Роман - Сорокин Владимир Георгиевич. Страница 18
“Господи, неужели это не сон? – думал Роман. – Неужели это и впрямь Зоя? С этим странным человеком? И мы сейчас едем туда?”
И словно в подтверждение того, что это действительно не сон, ветка орешины больно стегнула его по колену.
– Роман Алексеевич, не отставайте! – прозвучал впереди голос Зои.
Роман почувствовал, что губы его совсем пересохли, а сердце готово выскочить из груди. Зоя разговаривала с ним так, будто он всего лишь знакомый по летней дачной жизни и, кроме нечастых встреч у кого-нибудь на именинах за чашкой чая, их ничего не связывает.
Он лихорадочно вспоминал их встречи, объяснения в любви и клятвы верности, тайные прогулки при луне и тайные объятия. Эти картины быстро наплывали одна на другую, будоража сознание Романа; поток мыслей проносился в его голове.
“Как всё это неожиданно, – думал он. – Она совсем другая. А может, она потому так ведёт себя, что рядом этот Воеводин? А если они помолвлены? Как это всё глупо… Я еду за ними… Так вот почему она целый год не отвечала на письма… ”
Впереди мелькнул просвет, просека кончилась, кончился и лес.
Они выехали на широкое просторное место, именуемое Луговиной, и Зоя, снова ударив стеком свою лошадь, понеслась вперёд.
Роман с Воеводиным понеслись следом. Издали могло показаться, что они преследуют молодую беглянку. Луговина упиралась в берег речки, вдоль которой и направила свою лошадь Зоя.
Этот берег был ровный, почти без растительности, и назывался Лысым. Зато на другом берегу росла прекрасная берёзовая роща – постоянное место встреч и прогулок Зои и Романа. И теперь, скача по Лысому берегу, Роман смотрел направо, туда, где мелькали высокие, пока ещё голые берёзы. Над ними летали грачи, устраивая в чёрных ветвях свои гнёзда.
Зоя опережала мужчин на добрых два корпуса, её грациозная фигурка, казалось, слилась с лошадью.
Воеводин скакал всё так же на жокейский манер, а Роман, по своему обыкновению, – прямо держась в седле. Теперь он уже окончательно понял, куда вела их Зоя, и старался справиться с нервной дрожью, постепенно овладевающей им. Лысый берег тянулся недолго: промелькнули появлявшиеся то тут, то там кусты, молоденькие ивы, а потом влажная, дышащая паром земля вдруг вздыбилась, поднялась, заставив всадников натянуть поводья.

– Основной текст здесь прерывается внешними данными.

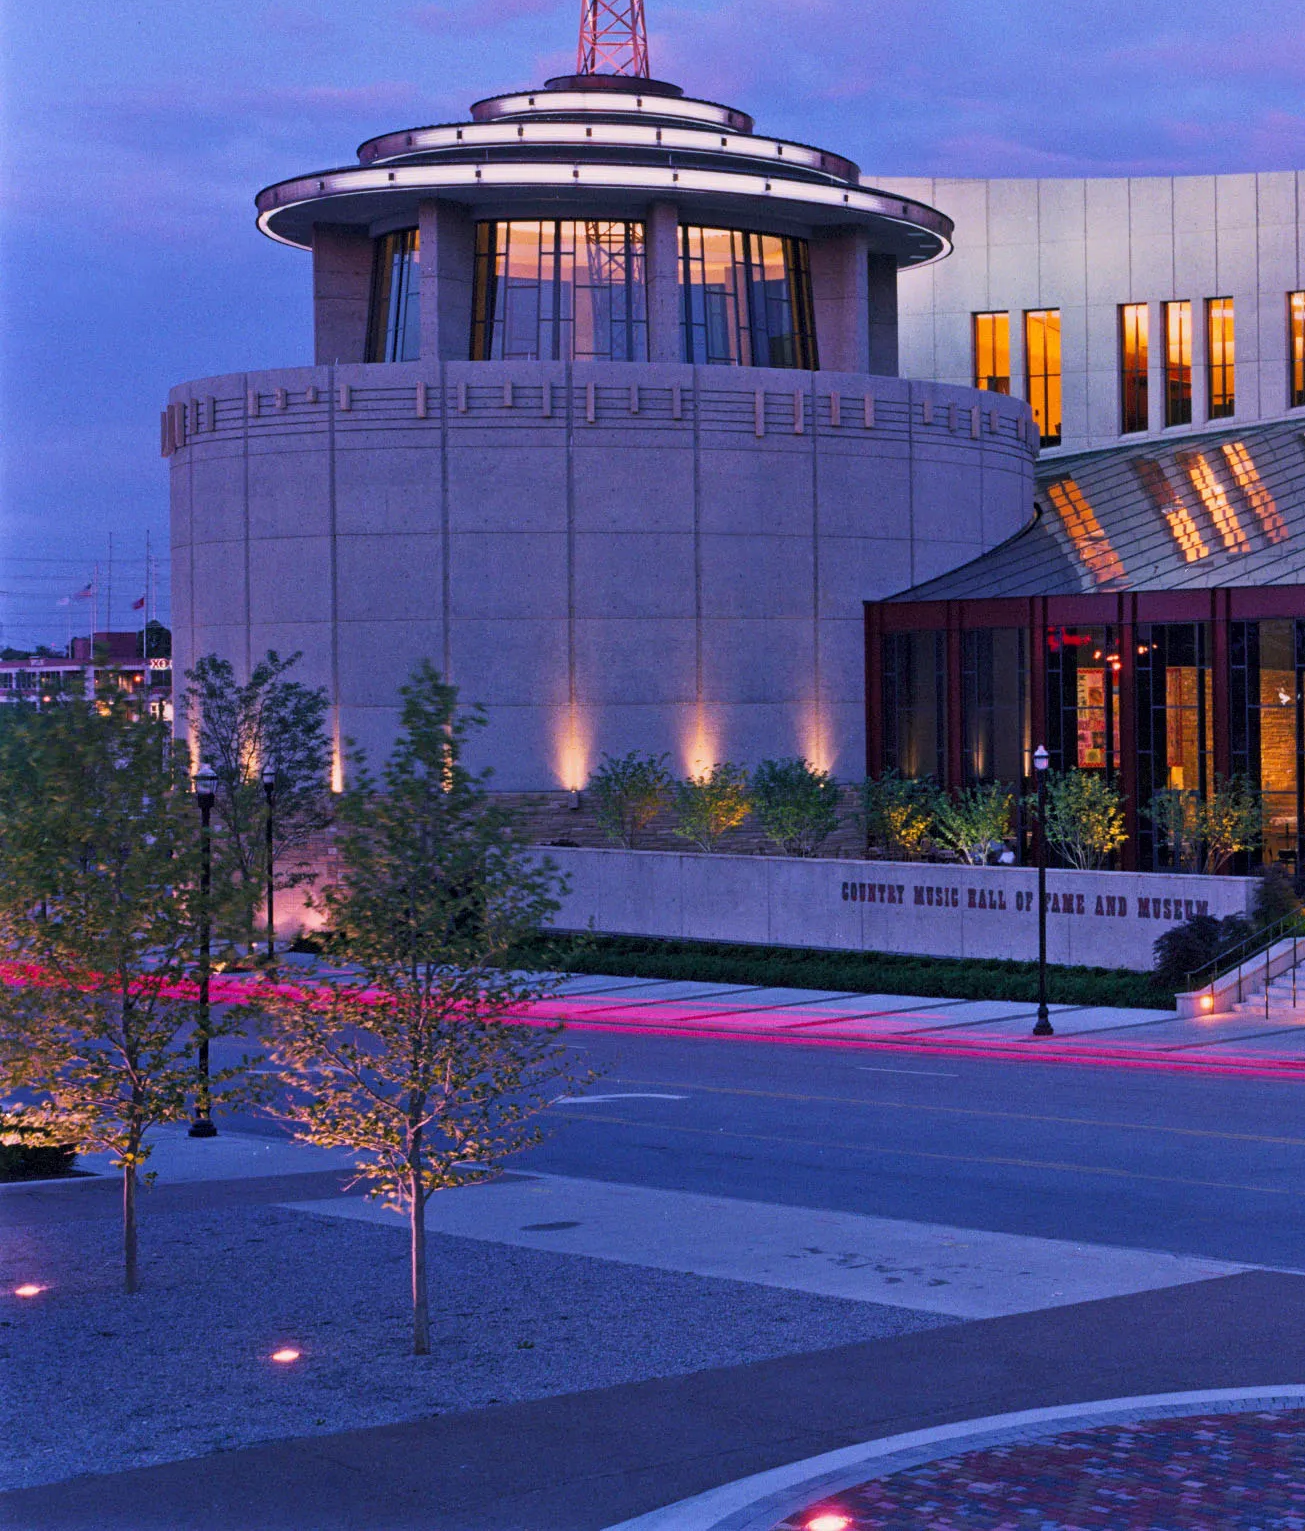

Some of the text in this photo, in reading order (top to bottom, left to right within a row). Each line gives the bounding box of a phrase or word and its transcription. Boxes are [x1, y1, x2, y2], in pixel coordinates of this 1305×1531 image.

[841, 881, 905, 905] COUNTRY
[913, 885, 960, 908] MUSIC
[967, 888, 1007, 911] HALL
[1015, 890, 1034, 912] OF
[1094, 894, 1128, 917] AND
[1137, 897, 1209, 920] MUSEUM

Лошади покорно остановились.
Все трое оказались на высоком обрыве. Впереди распласталось Крутояровское озеро. Голубое небо отражалось в нём, солнце играло по краю воды, наползающей на белый песчаный берег. Некоторое время все молчали, лишь вздрагивали, бренча сбруей, лошади.
– Какая красота! – покачал головой Воеводин.
– Это и есть моё любимое место, – проговорила Зоя, глядя вниз.
Роман молча смотрел туда же, до боли сжав рукоятку стека.
Зоя сказала правду. Этот обрыв действительно был её любимым местом. Каждый раз, выезжая с Романом на верховую прогулку, она не могла не оказаться у обрыва и, бросив поводья, подолгу смотрела на озеро. Обычно выражение её красивого лица было такое, словно она готовится броситься вниз и, обернувшись диковинной птицей, лететь, лететь над водою, полем, лесом. В такие минуты она, казалось, забывала обо всём, и это тревожило Романа. В нём зрело смутное предчувствие чего-то резкого и безжалостного, что может обрушиться на него по воле этой девушки-птицы, так упоённо жаждущей свободы. Теперь же в её лице, помимо неутомимой жажды свободы, появилось выражение абсолютной уверенности в себе. Роман искоса смотрел на Зою и чувствовал какой-то демонический холод, проистекающий от чёрной, влитой в седло фигуры, от прекрасного, словно выточенного из слоновой кости лица.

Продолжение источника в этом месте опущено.